WORK TO BE COMPLETED: Copy out every line of the material below, character for character, apart from the pictures.

********************

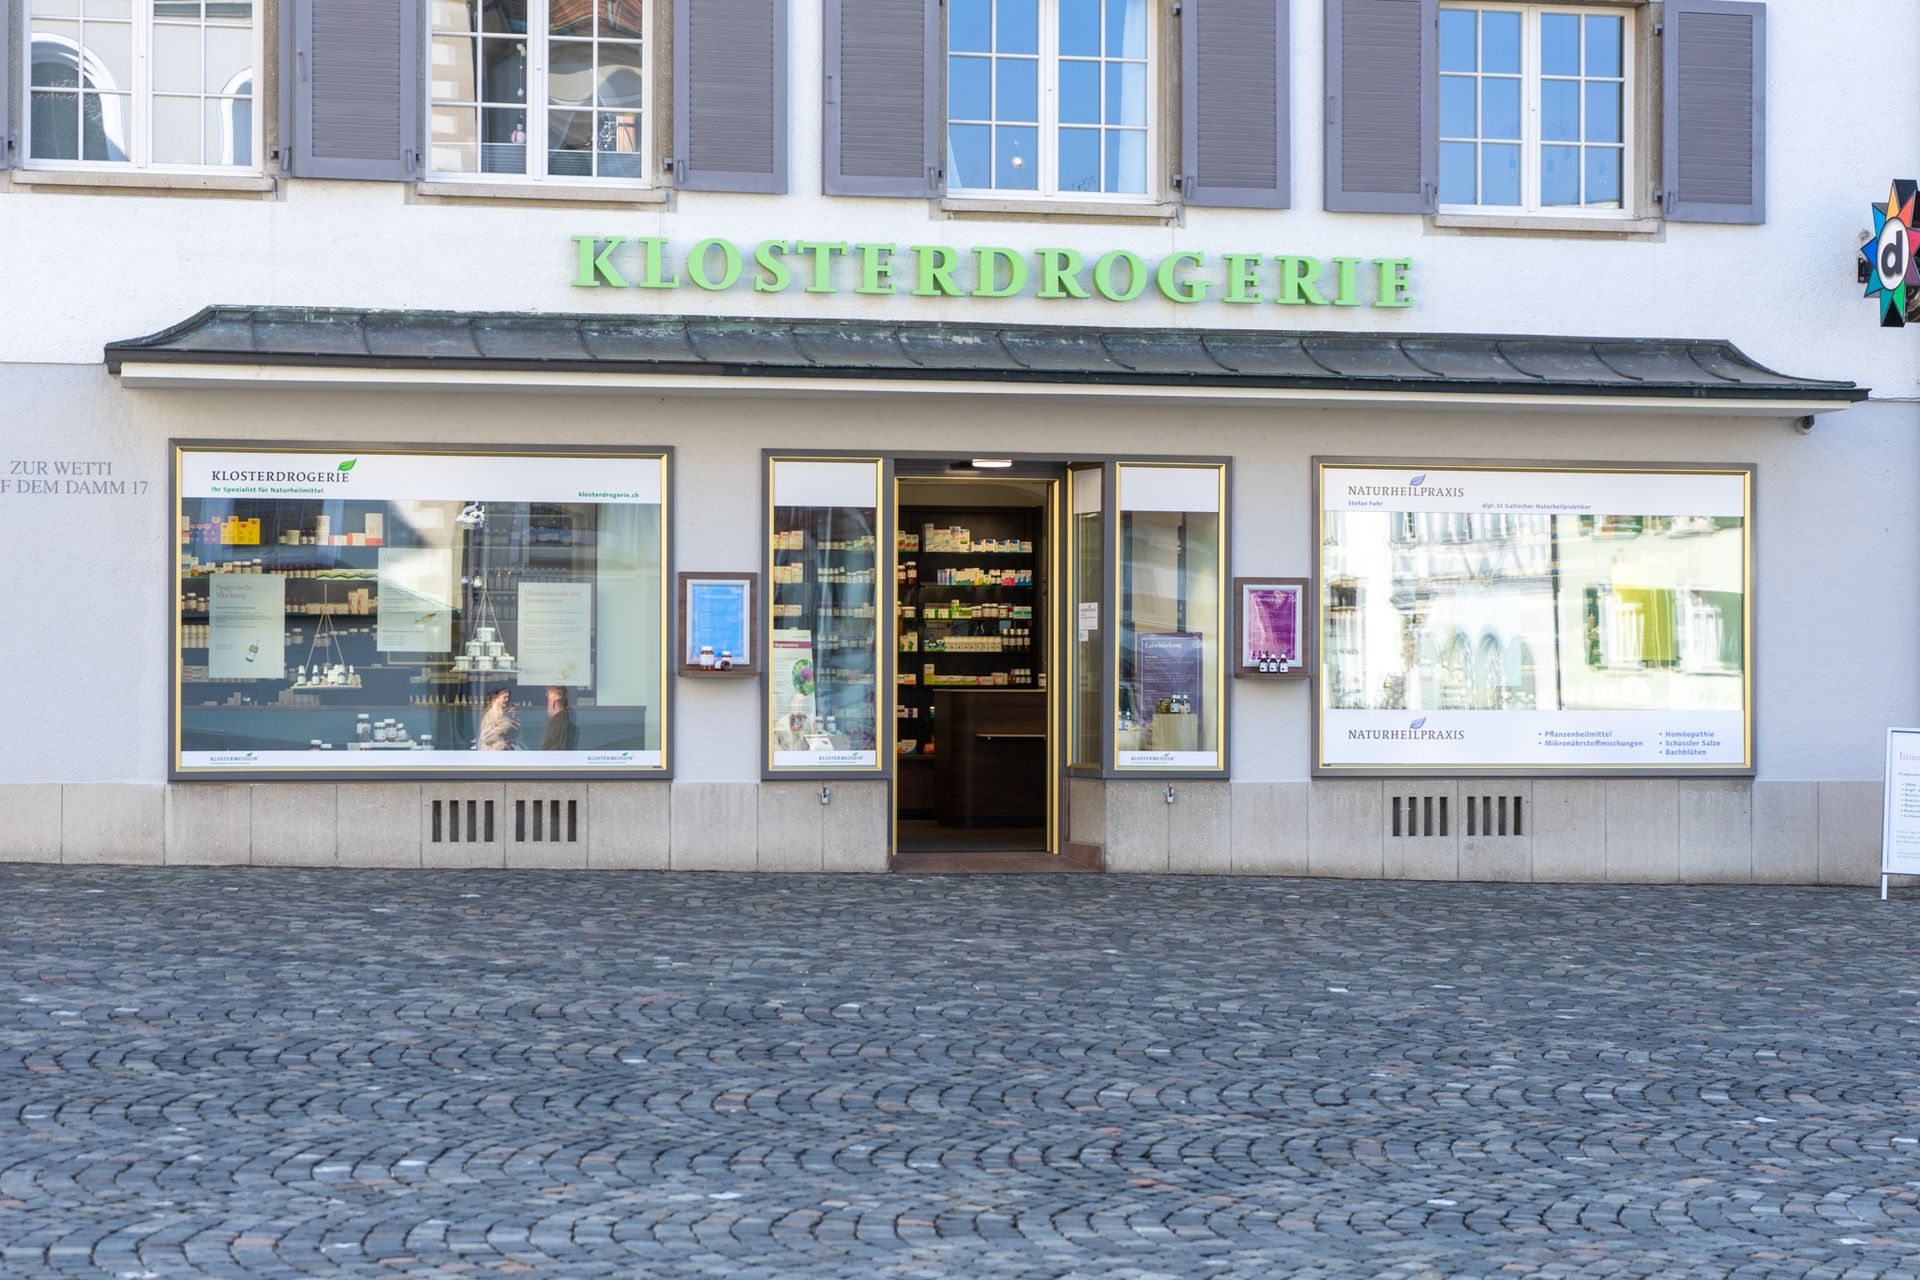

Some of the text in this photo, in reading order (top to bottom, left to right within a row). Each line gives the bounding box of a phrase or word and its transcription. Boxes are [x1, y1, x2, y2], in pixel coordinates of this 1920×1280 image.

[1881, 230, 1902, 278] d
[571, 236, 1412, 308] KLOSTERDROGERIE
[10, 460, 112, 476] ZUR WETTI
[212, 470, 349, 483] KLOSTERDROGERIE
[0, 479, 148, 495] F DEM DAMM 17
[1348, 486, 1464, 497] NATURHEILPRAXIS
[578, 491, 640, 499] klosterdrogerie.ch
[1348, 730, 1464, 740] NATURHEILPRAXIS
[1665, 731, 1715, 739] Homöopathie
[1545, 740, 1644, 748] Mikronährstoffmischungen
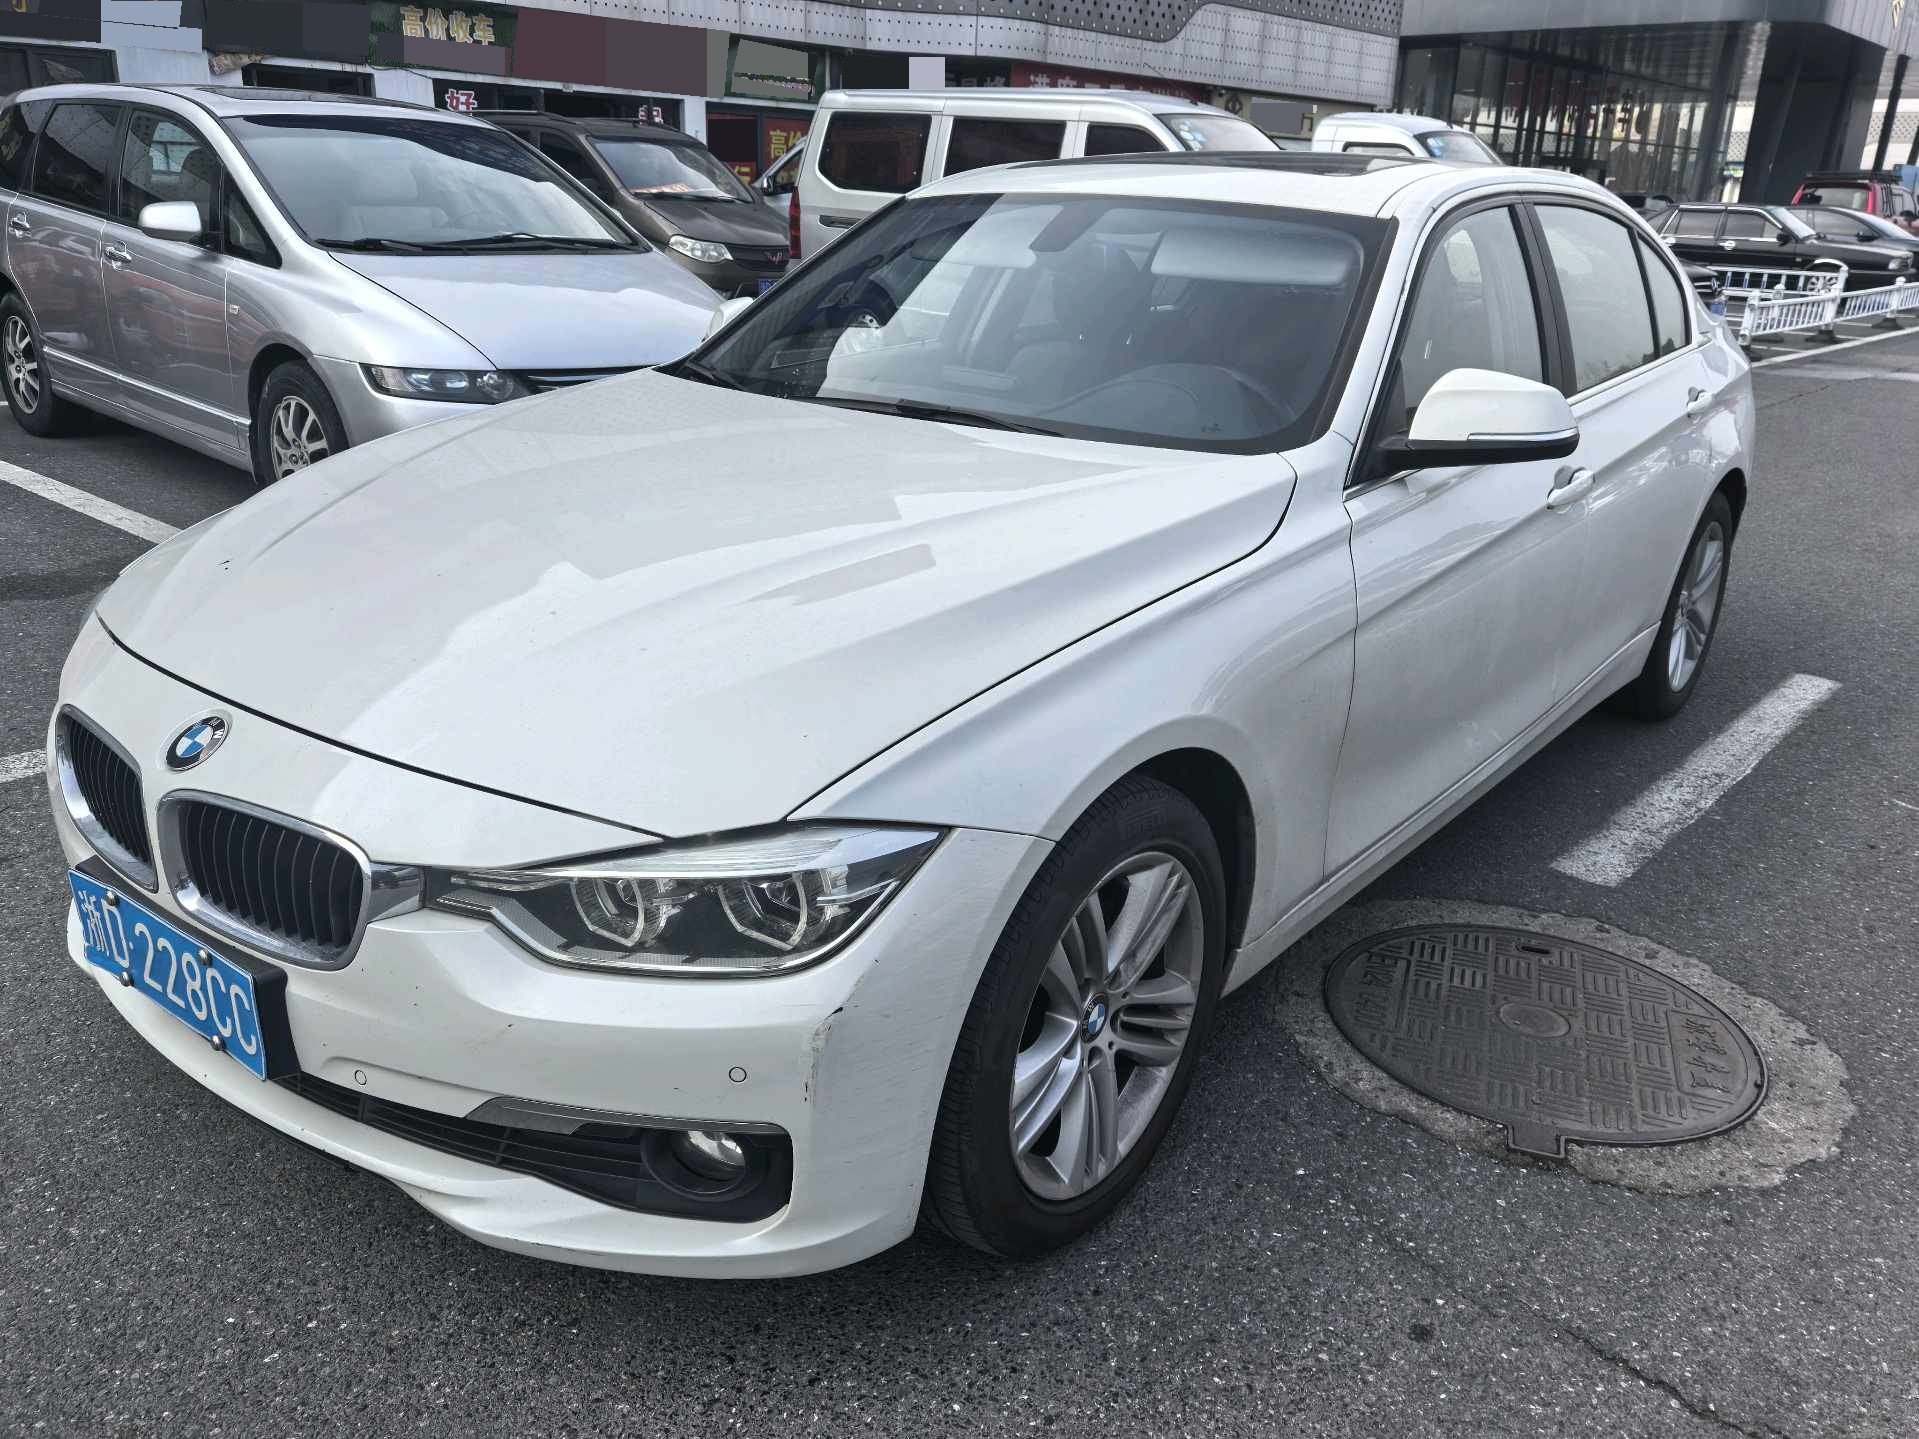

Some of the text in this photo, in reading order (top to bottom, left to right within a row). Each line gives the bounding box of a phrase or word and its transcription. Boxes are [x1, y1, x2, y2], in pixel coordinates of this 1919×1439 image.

********************

EXPECTED ANSWER:
Some of the text in this photo, in reading order (top to bottom, left to right within a row). Each line gives the bounding box of a phrase or word and its transcription. Boxes are [x1, y1, x2, y2], in pixel coordinates of this 1920×1280 image.

[1881, 230, 1902, 278] d
[571, 236, 1412, 308] KLOSTERDROGERIE
[10, 460, 112, 476] ZUR WETTI
[212, 470, 349, 483] KLOSTERDROGERIE
[0, 479, 148, 495] F DEM DAMM 17
[1348, 486, 1464, 497] NATURHEILPRAXIS
[578, 491, 640, 499] klosterdrogerie.ch
[1348, 730, 1464, 740] NATURHEILPRAXIS
[1665, 731, 1715, 739] Homöopathie
[1545, 740, 1644, 748] Mikronährstoffmischungen

Some of the text in this photo, in reading order (top to bottom, left to right within a row). Each line gives the bounding box of a phrase or word and its transcription. Boxes are [x1, y1, x2, y2], in pixel coordinates of this 1919×1439 image.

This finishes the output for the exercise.